Many types of mold, mildew and disease will quickly and easily spread if left in the garden. And those diseases can also infect the soil. Case in point, tomato blight. Once it is in the soil, it can take years to leave.
At the first sign of any plant damage or disease, clip the foliage from the plant and remove it from the garden.
Be on the lookout and remove the foliage damaged by pests and insects as well. Many garden pests will lay eggs or larvae on the damaged plants or in nearby soil.
By removing them now, it can help keep future pest populations in check. When removing diseased and damaged foliage and plants, be sure to keep them out of the compost bin.
Whether it is tomato blight, powdery mildew or any other common garden ailment, it is never a good idea to compost the materials affected by them.
Most backyard compost bins simply cannot generate enough heat to kill the pathogens and spores. And that means they can infect the very compost you will use on your plant’s next season.
#3 Take Photos & Notes Of Your Garden – Now!
And finally, as silly as our final must-do summer garden chore sounds, it might be the most important of all. Now is the time to document where everything is in your garden with photos!
Simply head out to your garden in the middle of summer and snap a few pictures with your phone. At the same time, write down a few notes now about what performed well, and what didn’t.
When it comes to next year’s garden, those photos and notes will be invaluable. Why? Because as any gardener knows, never trust your memory! You quickly forget from year to year where you planted what. And how each plant performed.

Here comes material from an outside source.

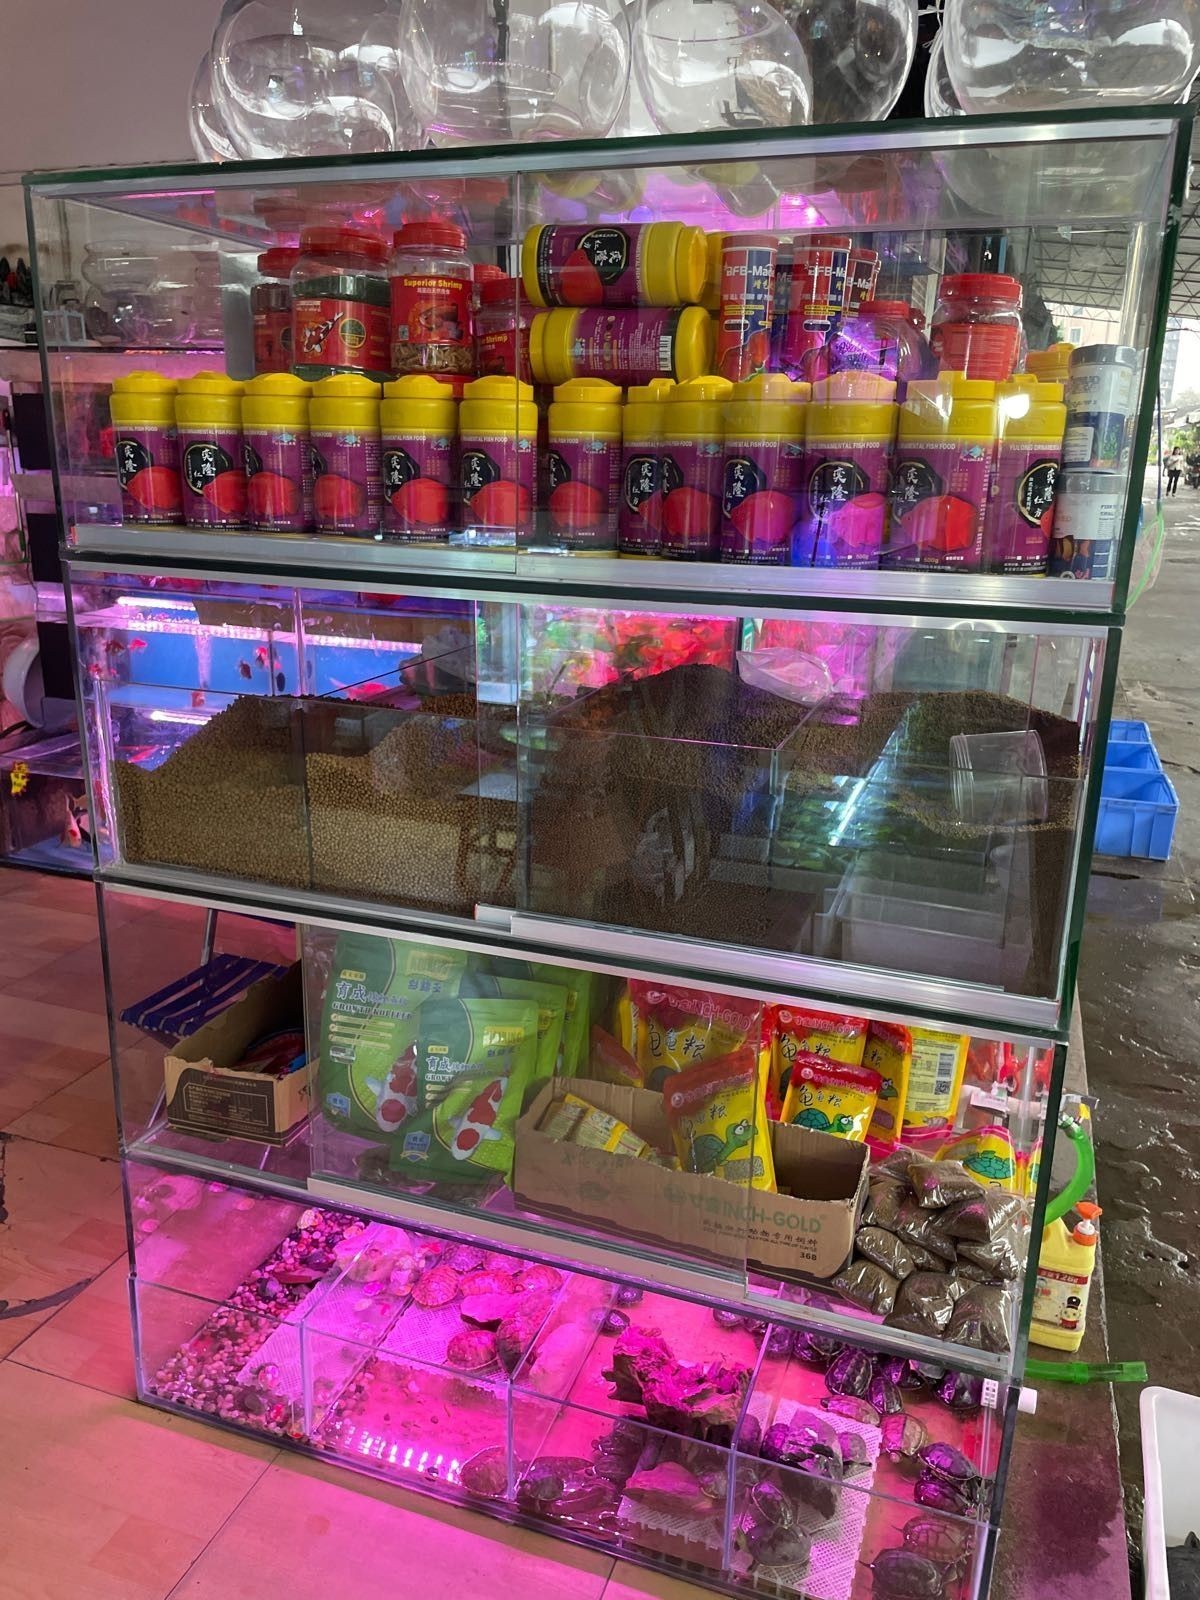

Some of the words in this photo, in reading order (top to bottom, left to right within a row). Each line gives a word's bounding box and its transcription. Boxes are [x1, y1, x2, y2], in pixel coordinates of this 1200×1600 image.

And forgetting what was where can make important tasks like rotating crops very difficult. In addition, those notes will also help you to remember which variety did well, and which didn’t.
All of which can prove very important when planting next spring. Trust me when I say that your notes and photos will serve you well. We would be lost without ours as we plant from year to year.
It is amazing how just a little bit of work in the garden now will pay big dividends next year! Happy Gardening – Jim and Mary.